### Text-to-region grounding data
Content starts
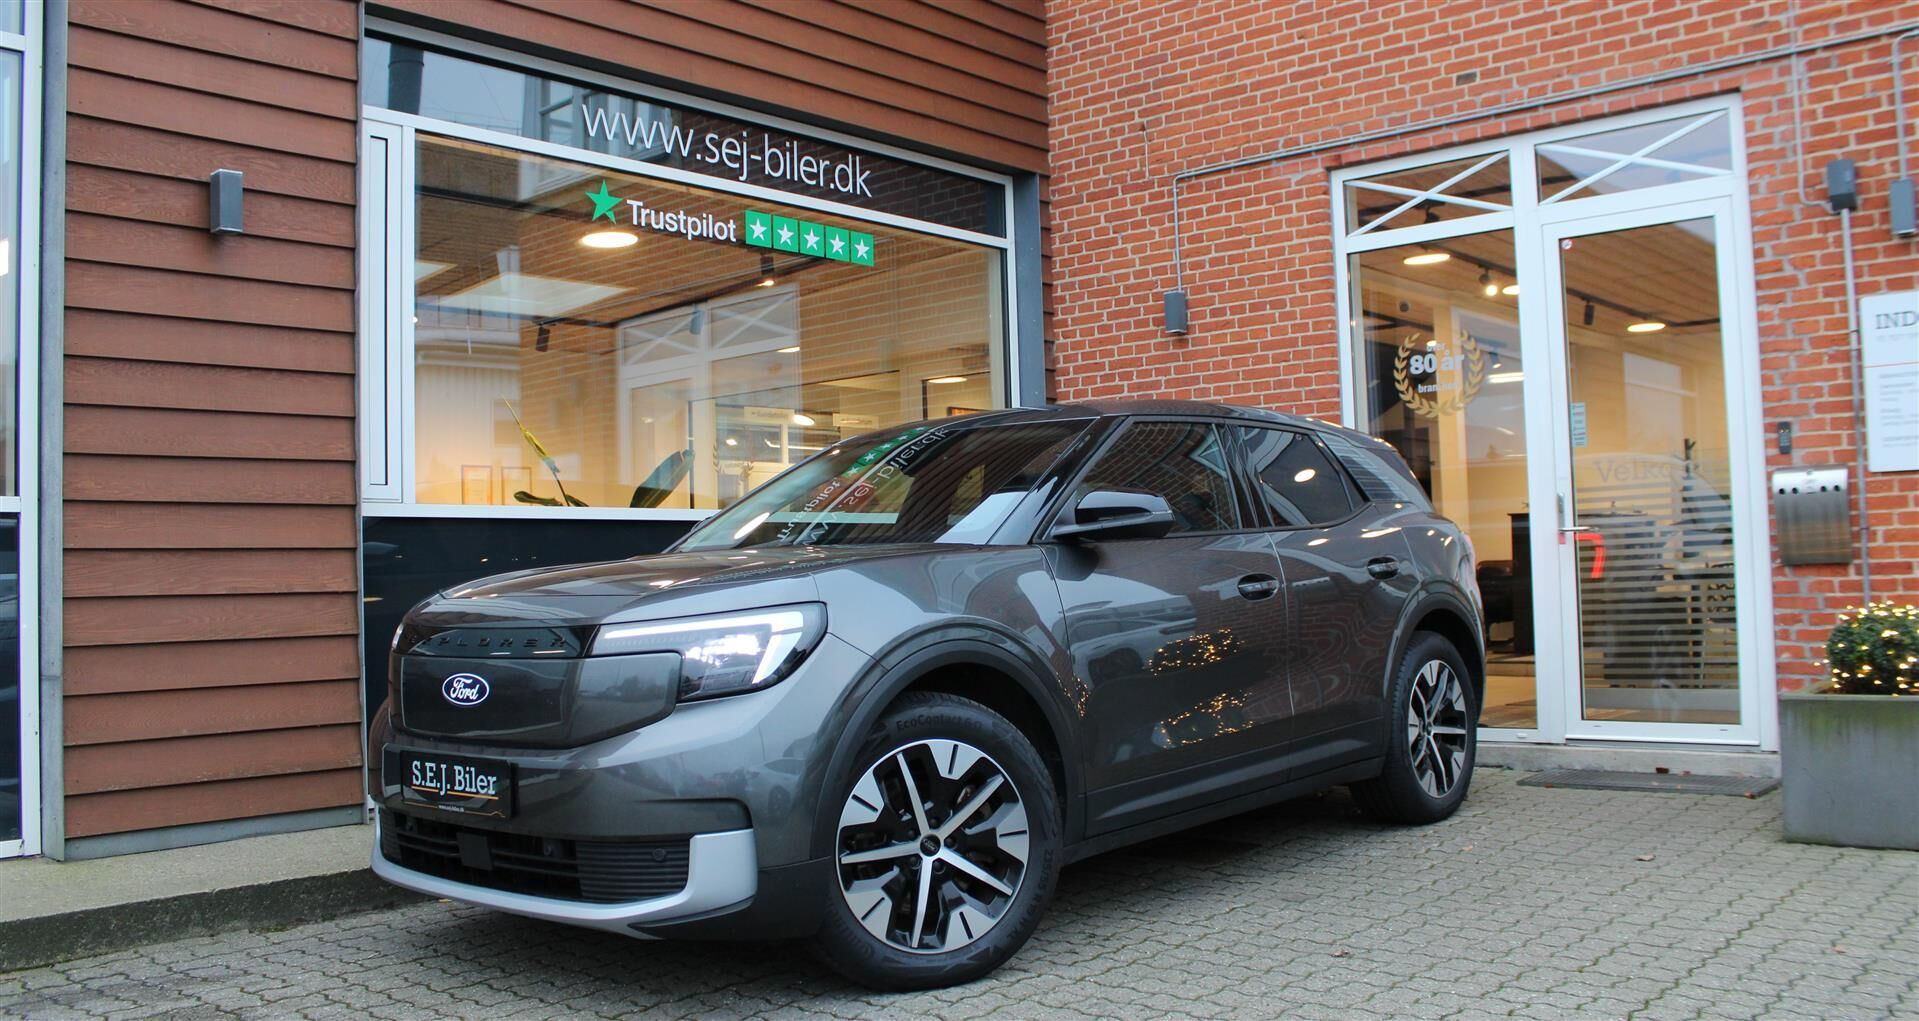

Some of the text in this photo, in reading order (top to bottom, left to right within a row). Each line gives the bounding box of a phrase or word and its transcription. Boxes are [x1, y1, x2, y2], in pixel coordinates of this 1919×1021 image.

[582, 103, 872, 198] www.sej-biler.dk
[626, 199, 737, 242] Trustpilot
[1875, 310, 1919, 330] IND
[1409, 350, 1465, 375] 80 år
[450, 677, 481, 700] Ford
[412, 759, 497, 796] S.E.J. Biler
Content ends
### WORK TO COMPLETE
Write the records out again verbatim and omit the pictures they contain.

### PROBLEM SOLUTION
Some of the text in this photo, in reading order (top to bottom, left to right within a row). Each line gives the bounding box of a phrase or word and its transcription. Boxes are [x1, y1, x2, y2], in pixel coordinates of this 1919×1021 image.

[582, 103, 872, 198] www.sej-biler.dk
[626, 199, 737, 242] Trustpilot
[1875, 310, 1919, 330] IND
[1409, 350, 1465, 375] 80 år
[450, 677, 481, 700] Ford
[412, 759, 497, 796] S.E.J. Biler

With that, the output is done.